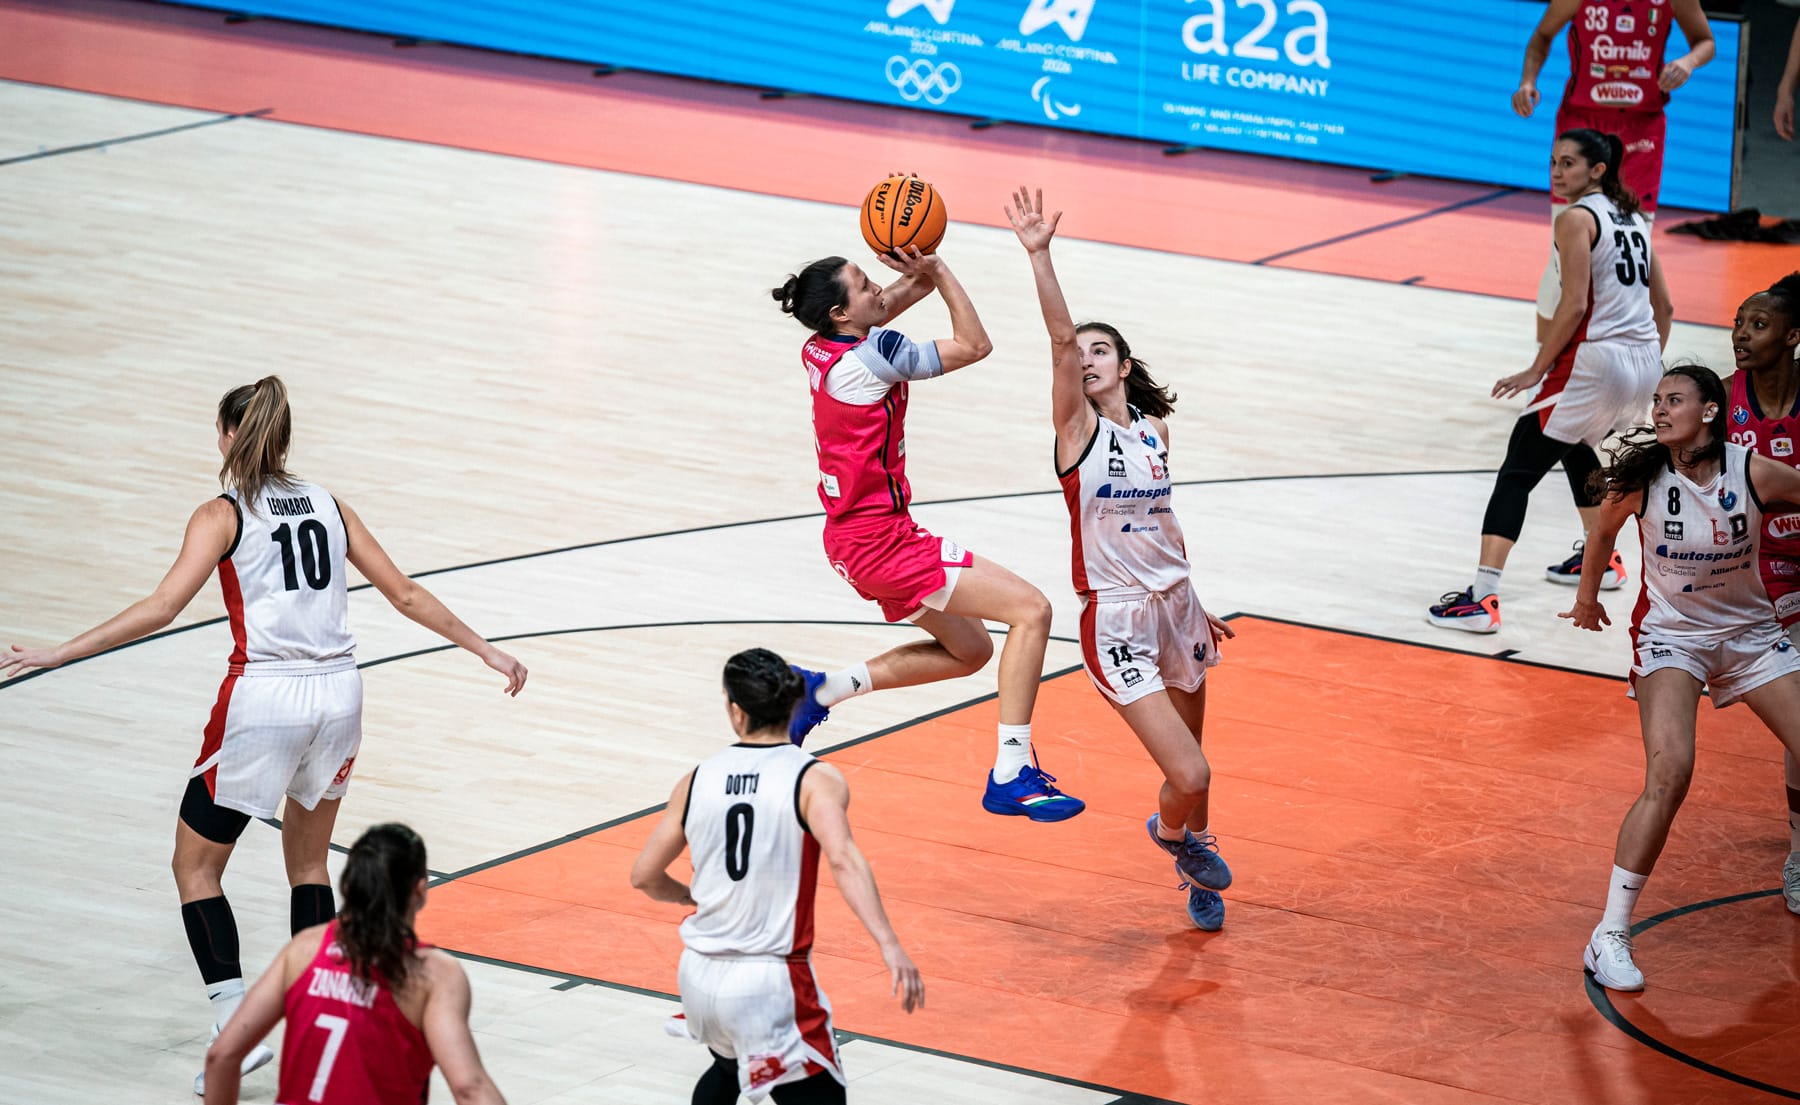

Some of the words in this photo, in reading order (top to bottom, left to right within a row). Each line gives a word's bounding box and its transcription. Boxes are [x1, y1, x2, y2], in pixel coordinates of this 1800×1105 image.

[1585, 6, 1609, 31] 33
[1182, 0, 1331, 69] a2a
[1182, 62, 1220, 85] LIFE
[1226, 67, 1328, 97] COMPANY
[1596, 86, 1639, 99] Wüber
[875, 183, 891, 211] EVO
[898, 180, 924, 227] Wilson
[1614, 230, 1649, 287] 33
[266, 496, 315, 516] LEONARDI
[1101, 507, 1135, 516] Cittadella
[1668, 486, 1681, 516] 8
[271, 519, 331, 591] 10
[1669, 548, 1743, 562] autosped
[1662, 565, 1696, 577] Cittadella
[1710, 564, 1739, 576] Allianz
[1108, 646, 1132, 667] 14
[725, 802, 754, 882] 0
[308, 1013, 349, 1103] 7
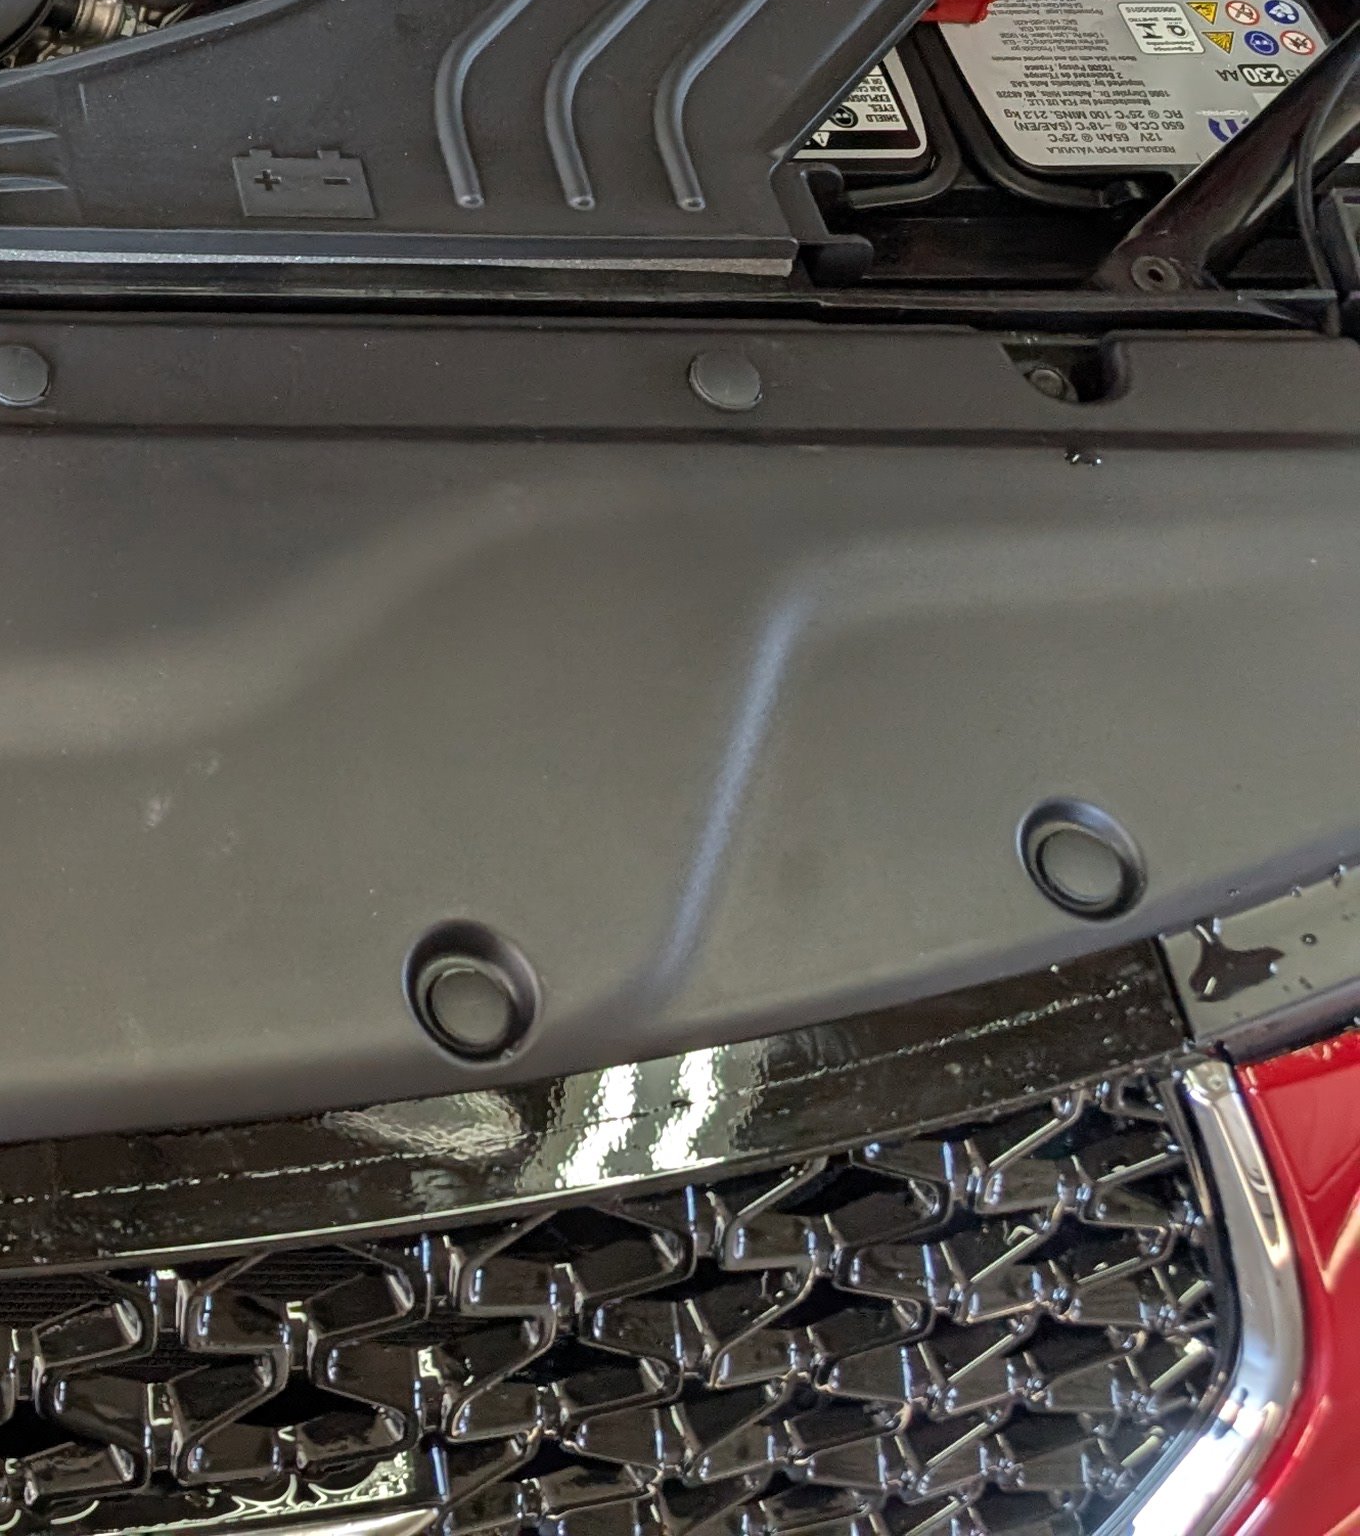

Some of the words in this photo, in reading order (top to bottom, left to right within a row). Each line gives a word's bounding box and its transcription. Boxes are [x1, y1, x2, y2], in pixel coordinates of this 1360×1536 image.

[1216, 69, 1239, 82] AA
[1242, 67, 1286, 83] 230
[865, 114, 900, 122] SHIELD
[1003, 108, 1022, 119] kg
[1054, 110, 1088, 120] MINS.
[1091, 110, 1112, 119] 100
[1147, 110, 1160, 120] @
[1164, 110, 1184, 119] RC
[1014, 121, 1073, 132] (SAE/EN)
[1115, 121, 1127, 131] @
[1132, 121, 1160, 131] CCA
[1164, 121, 1185, 131] 650
[1047, 133, 1078, 142] 25°C
[1081, 133, 1093, 143] @
[1096, 133, 1130, 142] 65Ah
[1140, 133, 1163, 142] 12V
[1097, 146, 1120, 154] POR
[1121, 146, 1176, 154] REGULADA

◆ ◆ ◆

* _REQUIRED WORK_: Return all the records exactly. Skip the pictures.

* _EXERCISE ANSWER_:
Some of the words in this photo, in reading order (top to bottom, left to right within a row). Each line gives a word's bounding box and its transcription. Boxes are [x1, y1, x2, y2], in pixel coordinates of this 1800×1105 image.

[1585, 6, 1609, 31] 33
[1182, 0, 1331, 69] a2a
[1182, 62, 1220, 85] LIFE
[1226, 67, 1328, 97] COMPANY
[1596, 86, 1639, 99] Wüber
[875, 183, 891, 211] EVO
[898, 180, 924, 227] Wilson
[1614, 230, 1649, 287] 33
[266, 496, 315, 516] LEONARDI
[1101, 507, 1135, 516] Cittadella
[1668, 486, 1681, 516] 8
[271, 519, 331, 591] 10
[1669, 548, 1743, 562] autosped
[1662, 565, 1696, 577] Cittadella
[1710, 564, 1739, 576] Allianz
[1108, 646, 1132, 667] 14
[725, 802, 754, 882] 0
[308, 1013, 349, 1103] 7

Some of the words in this photo, in reading order (top to bottom, left to right within a row). Each line gives a word's bounding box and its transcription. Boxes are [x1, y1, x2, y2], in pixel coordinates of this 1360×1536 image.

[1216, 69, 1239, 82] AA
[1242, 67, 1286, 83] 230
[865, 114, 900, 122] SHIELD
[1003, 108, 1022, 119] kg
[1054, 110, 1088, 120] MINS.
[1091, 110, 1112, 119] 100
[1147, 110, 1160, 120] @
[1164, 110, 1184, 119] RC
[1014, 121, 1073, 132] (SAE/EN)
[1115, 121, 1127, 131] @
[1132, 121, 1160, 131] CCA
[1164, 121, 1185, 131] 650
[1047, 133, 1078, 142] 25°C
[1081, 133, 1093, 143] @
[1096, 133, 1130, 142] 65Ah
[1140, 133, 1163, 142] 12V
[1097, 146, 1120, 154] POR
[1121, 146, 1176, 154] REGULADA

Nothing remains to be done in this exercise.